Segment Start: Dataset

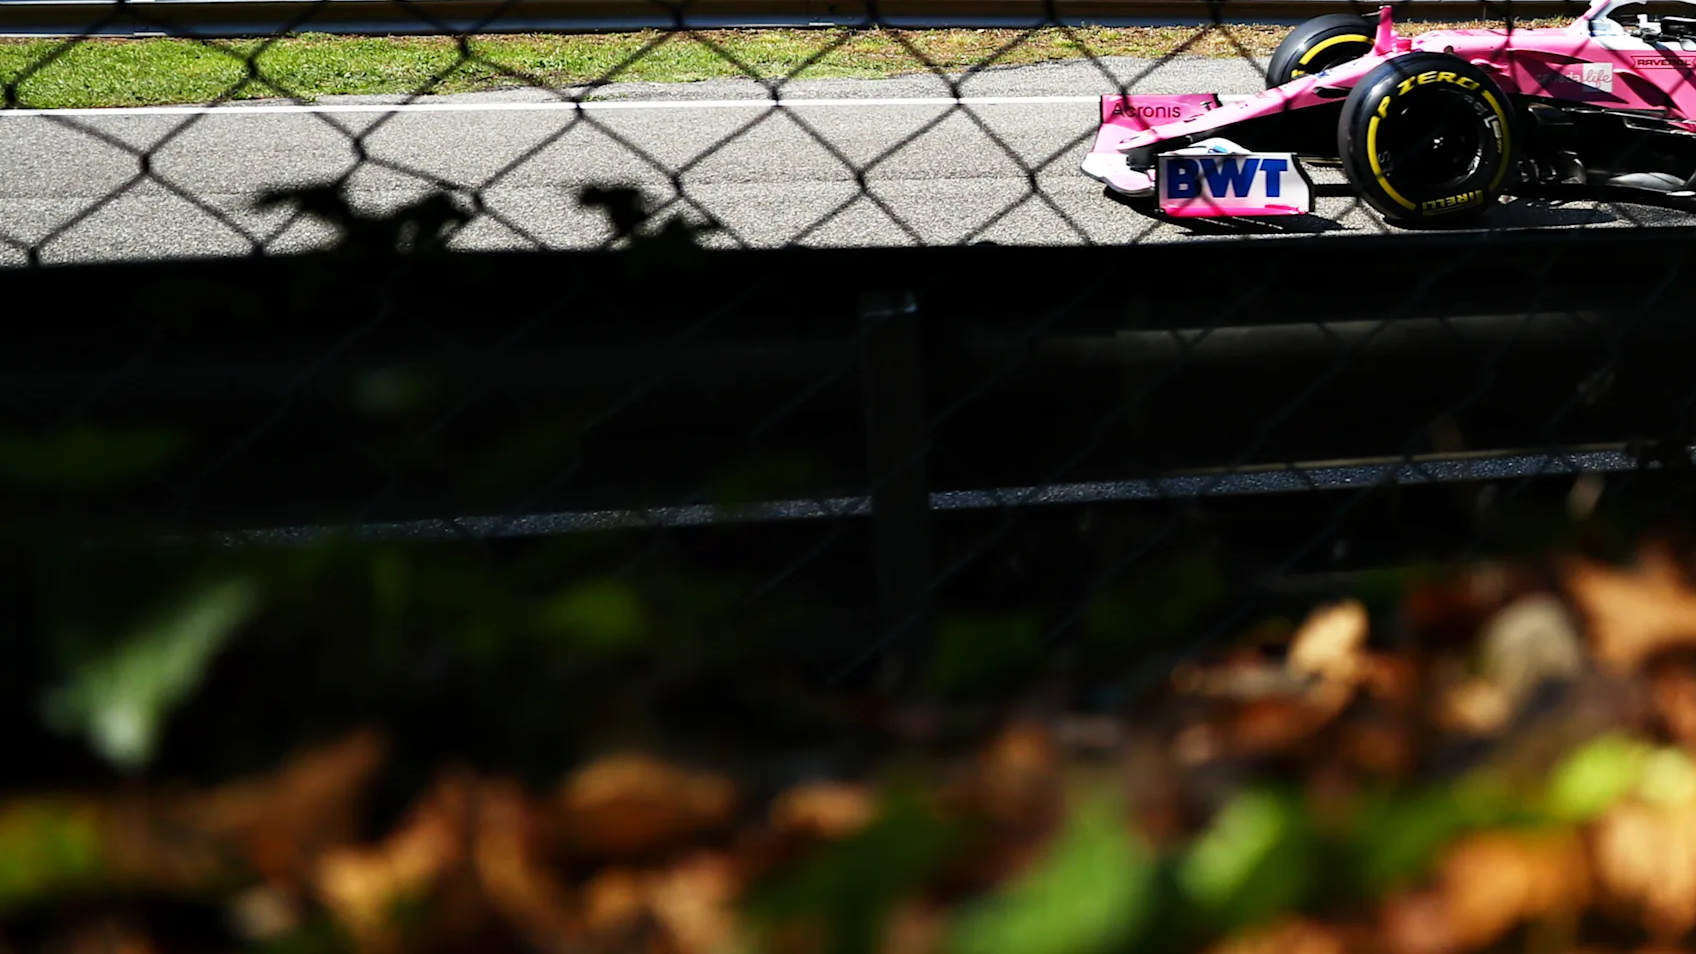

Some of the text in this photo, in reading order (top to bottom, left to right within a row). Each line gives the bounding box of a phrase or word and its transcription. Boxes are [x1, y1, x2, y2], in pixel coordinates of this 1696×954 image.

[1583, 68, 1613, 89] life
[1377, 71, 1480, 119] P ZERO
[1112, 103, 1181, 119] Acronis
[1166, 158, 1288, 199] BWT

Segment End: Dataset

What is required :: Reproduce the data verbatim. Do not carry any picture into the copy.

Worked solution ::
Some of the text in this photo, in reading order (top to bottom, left to right within a row). Each line gives the bounding box of a phrase or word and its transcription. Boxes are [x1, y1, x2, y2], in pixel coordinates of this 1696×954 image.

[1583, 68, 1613, 89] life
[1377, 71, 1480, 119] P ZERO
[1112, 103, 1181, 119] Acronis
[1166, 158, 1288, 199] BWT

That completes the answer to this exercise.